Alberto Fernández asumió como presidente de Argentina: “Recibimos un país frágil y golpeado”

El nuevo gobernante se propone para los primeros días de su mandato mejorar los ingresos de los más vulnerables, a través de más fondos en ayuda social pero también aumentos salariales y de pensiones para las franjas más bajas. Su mayor desafío será contener la ansiedad del pueblo.

203

El peronista de centro-izquierda, Alberto Fernández, asumió este martes la presidencia de Argentina, ante la ovación de legisladores y de miles de argentinos que creen que “la esperanza” volvió al país.
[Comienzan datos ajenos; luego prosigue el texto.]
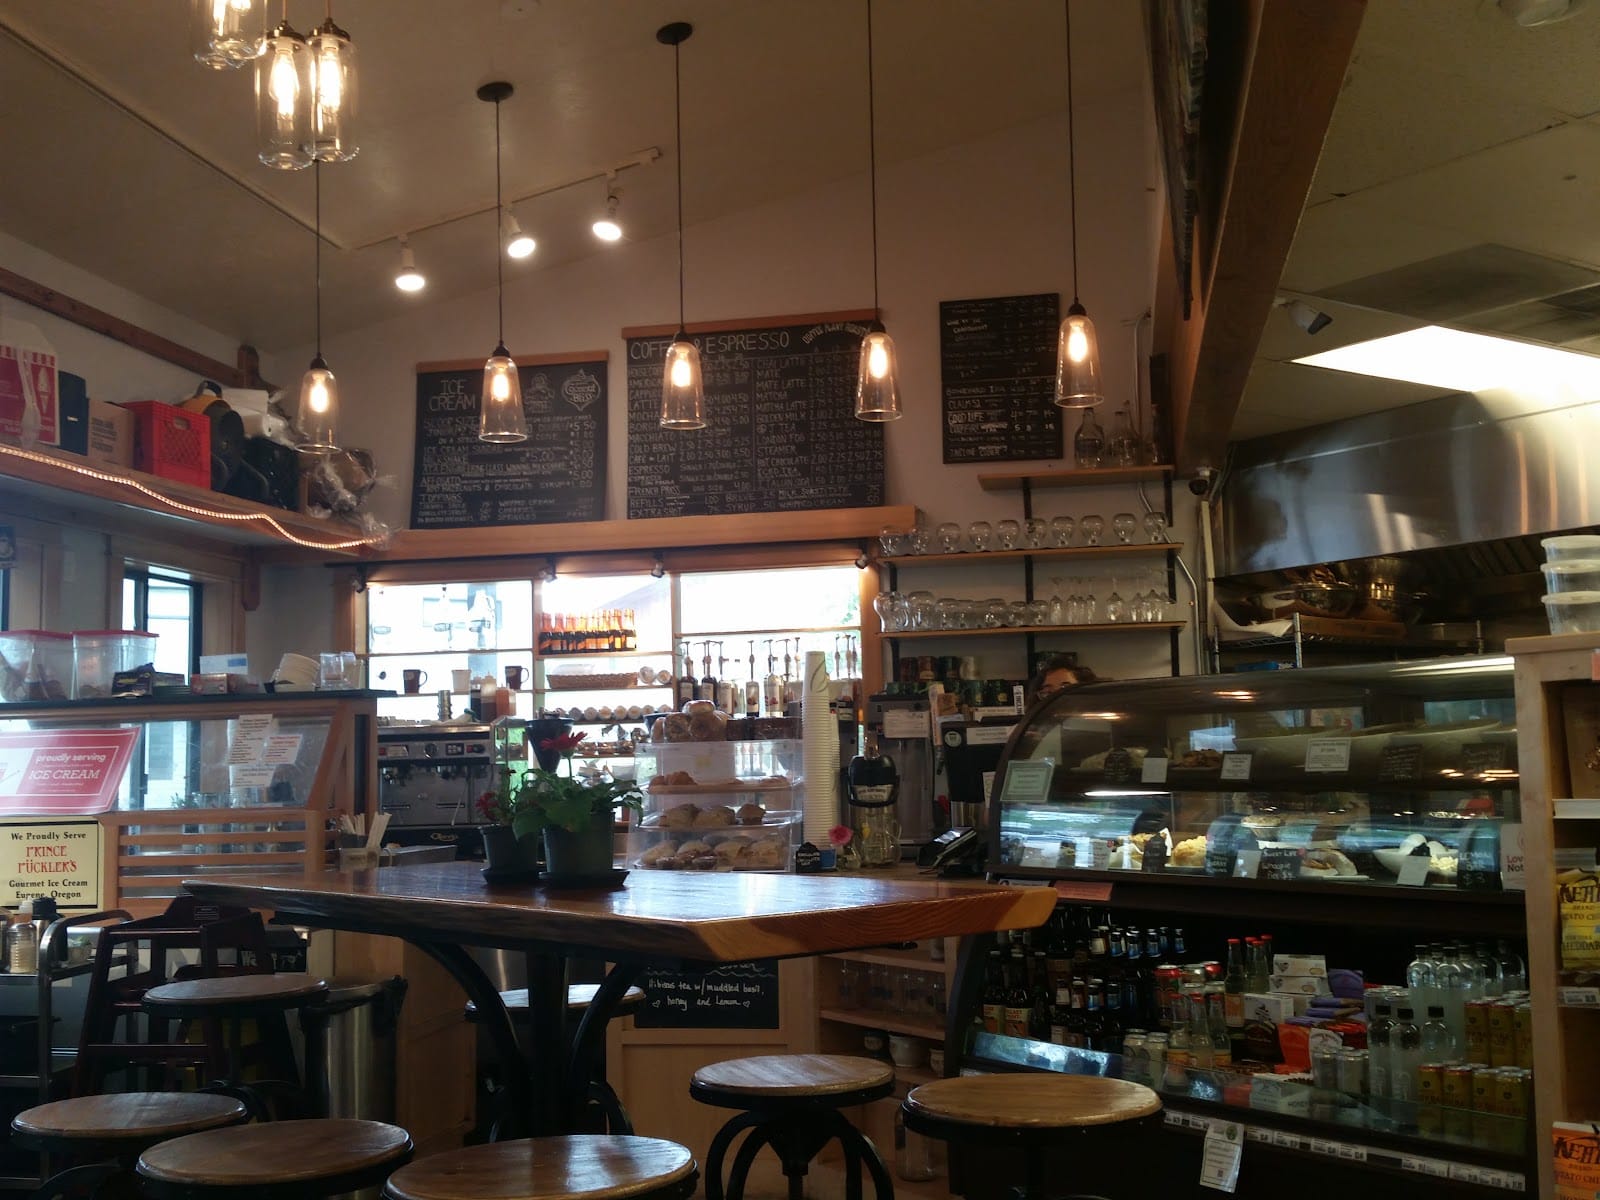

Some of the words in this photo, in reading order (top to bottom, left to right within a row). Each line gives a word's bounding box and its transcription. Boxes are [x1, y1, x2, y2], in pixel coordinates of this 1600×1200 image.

[630, 340, 674, 360] COFF
[705, 331, 789, 354] ESPRESSO
[440, 379, 467, 396] ICE
[428, 394, 476, 412] CREAM
[36, 752, 71, 764] proudly
[71, 752, 106, 763] serving
[28, 769, 50, 780] ICE
[53, 769, 101, 780] CREAM
[11, 832, 23, 840] We
[26, 832, 60, 841] Proudly
[63, 831, 86, 839] Serve
[26, 845, 68, 857] PRINCE
[1506, 856, 1524, 864] Lov
[9, 879, 45, 888] Gourmet
[48, 879, 60, 887] Ice
[62, 879, 88, 887] Cream
[50, 890, 82, 900] Oregon
[1560, 880, 1600, 903] KETT
[706, 982, 740, 993] muddled
[1554, 1137, 1600, 1164] KETT
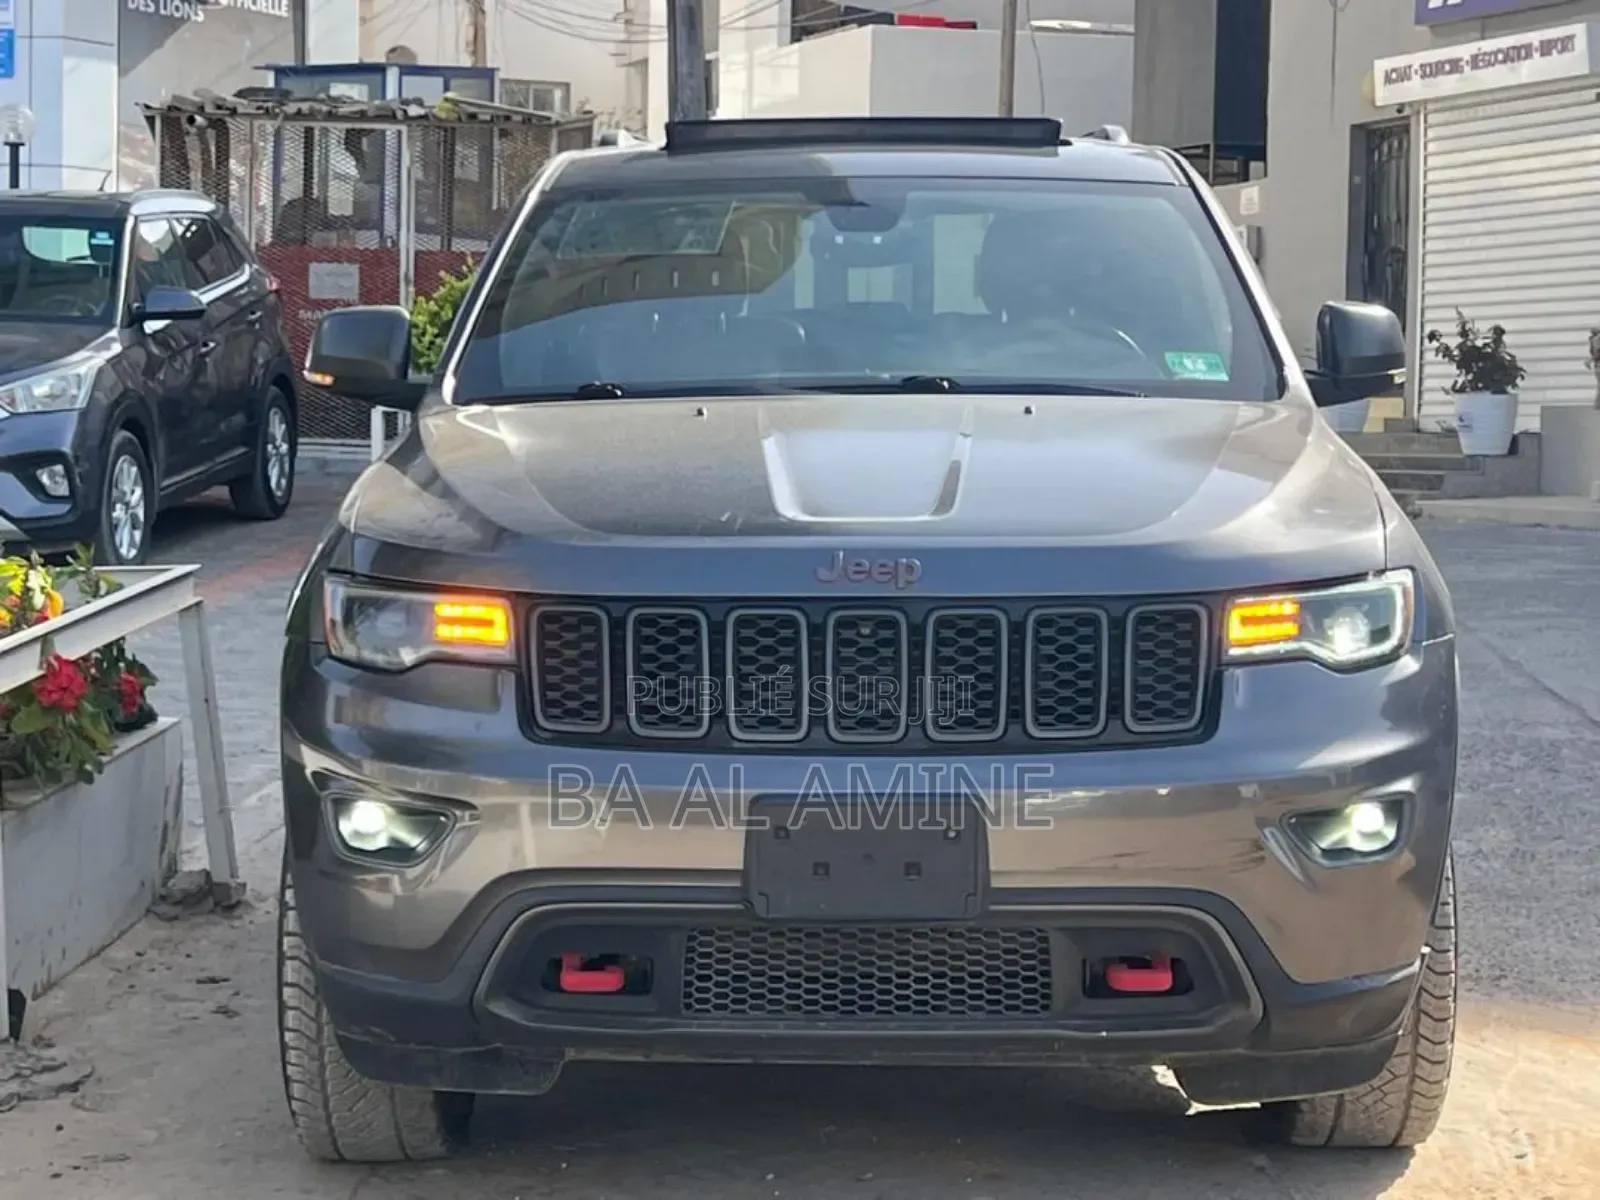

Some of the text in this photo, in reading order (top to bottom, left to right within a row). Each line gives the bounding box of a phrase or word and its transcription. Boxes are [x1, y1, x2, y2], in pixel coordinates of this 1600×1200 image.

[127, 0, 204, 22] DES LIONS
[1384, 64, 1413, 86] ACHAT
[814, 550, 922, 589] Jeep
“Recibimos un país frágil y golpeado. Apelamos al compromiso de todos los sectores”, dijo el investido mandatario tras jurar servir fielmente a su país, en reemplazo del liberal Mauricio Macri, para un periodo de cuatro años.

Este abogado de 60 años, exjefe de gabinete de Néstor Kirchner y su viuda y exgobernante Cristina Fernández entre 2003 y 2008, señaló que “tenemos que superar el muro del rencor y del odio, tenemos que superar el muro del hambre”, añadió.
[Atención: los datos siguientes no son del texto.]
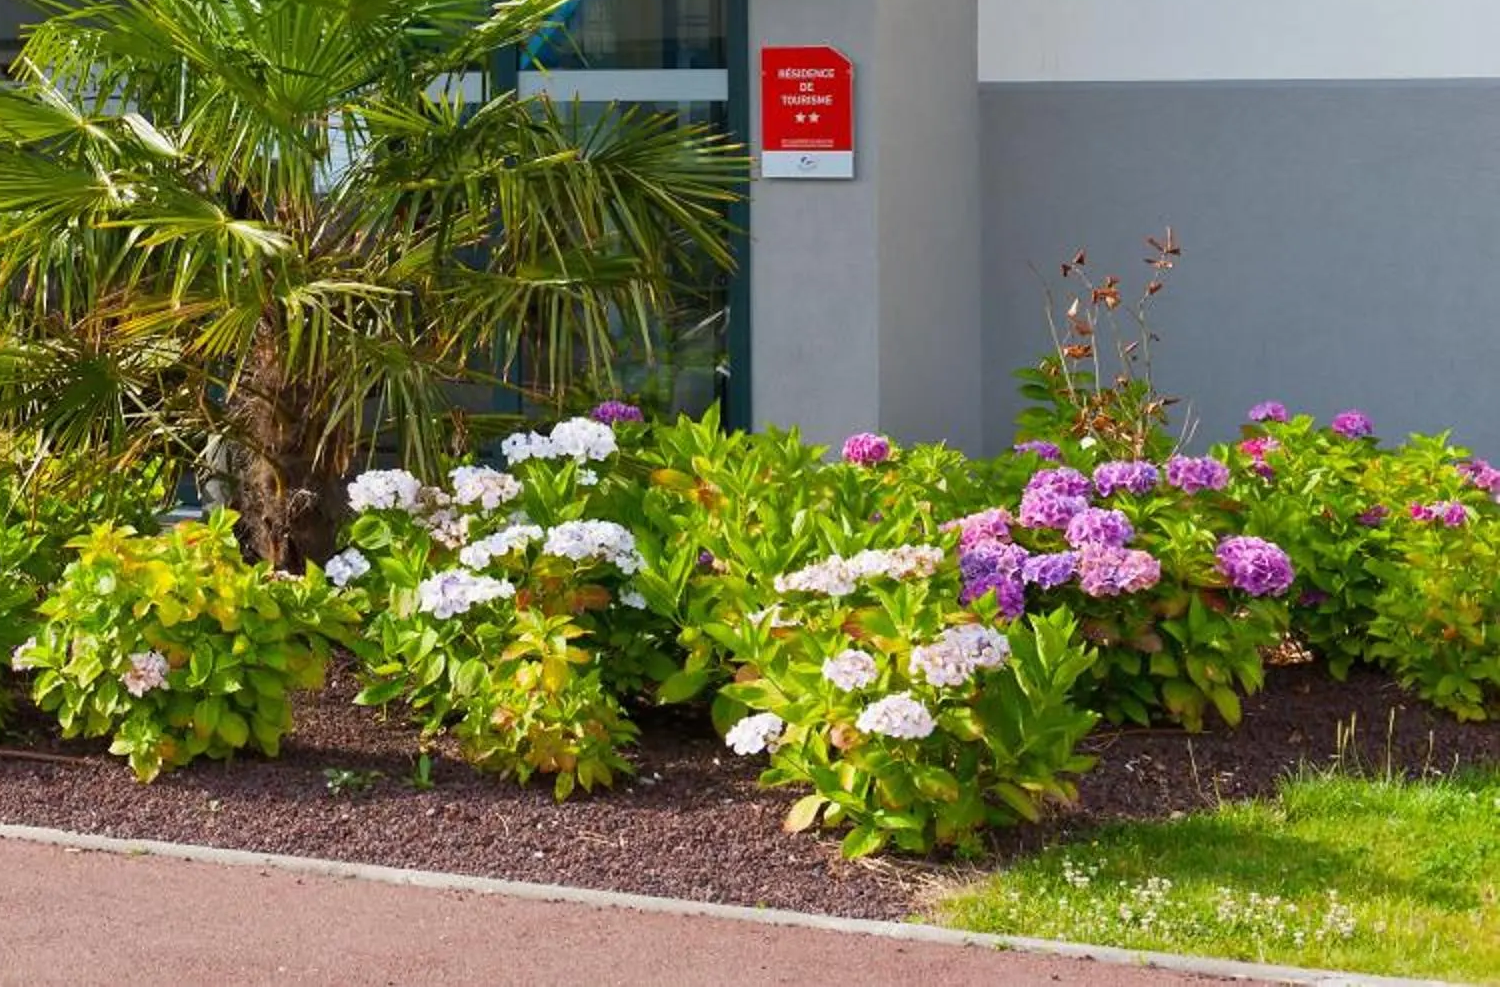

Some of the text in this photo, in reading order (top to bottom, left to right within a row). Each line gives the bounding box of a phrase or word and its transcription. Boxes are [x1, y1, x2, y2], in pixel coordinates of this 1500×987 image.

El flamante mandatario recibió la banda presidencial y el bastón de mando de parte de Macri en el Congreso. Una escena muy diferente a la de hace cuatro años, cuando la ahora vicepresidenta peronista dejó la presidencia un día antes de lo previsto y Macri asumió como presidente provisional del Senado.

La controvertida abogada de 66 años, juró a su vez como vicepresidenta y asumió la presidencia de la Cámara Alta.

FIESTA EN LA PLAZA

Varios mandatarios de la región faltaron al acto, excepto por el presidente cubano Miguel Díaz Canel, así como los mandatarios de Paraguay, Mario Abdo Benítez; y de Uruguay el entrante Luis Lacalle y el saliente Tabaré Vázquez.

El presidente de Chile, Sebastián Piñera, informó por Twitter que se quedaba en su país monitoreando las tareas de búsqueda de un avión de la Fuerza Aérea que desapareció el lunes cuando se dirigía a la Antártida con 38 pasajeros a bordo.

Brasil, principal socio comercial de Argentina, está representado por el vicepresidente Hamilton Mourao, un alivio después de crispaciones con el mandatario Jair Bolsonaro.

Contrariamente a los rumores, no estuvo en el acto el expresidente boliviano Evo Morales, a quien Alberto Fernández ofreció asilo tras lo que él mismo calificó como un golpe de Estado en Bolivia.

Los actos están acompañados de una fiesta musical de cumbia y rock en la plaza de Mayo, sobre la que se erige la Casa Rosada y de la cual, a pedido de Fernández, fueron retiradas 24 horas antes las vallas que limitaban el paso hacia la sede presidencial.

La emblemática plaza amaneció embanderada y con pancartas de apoyo al nuevo gobierno de distintas agrupaciones políticas y sindicatos.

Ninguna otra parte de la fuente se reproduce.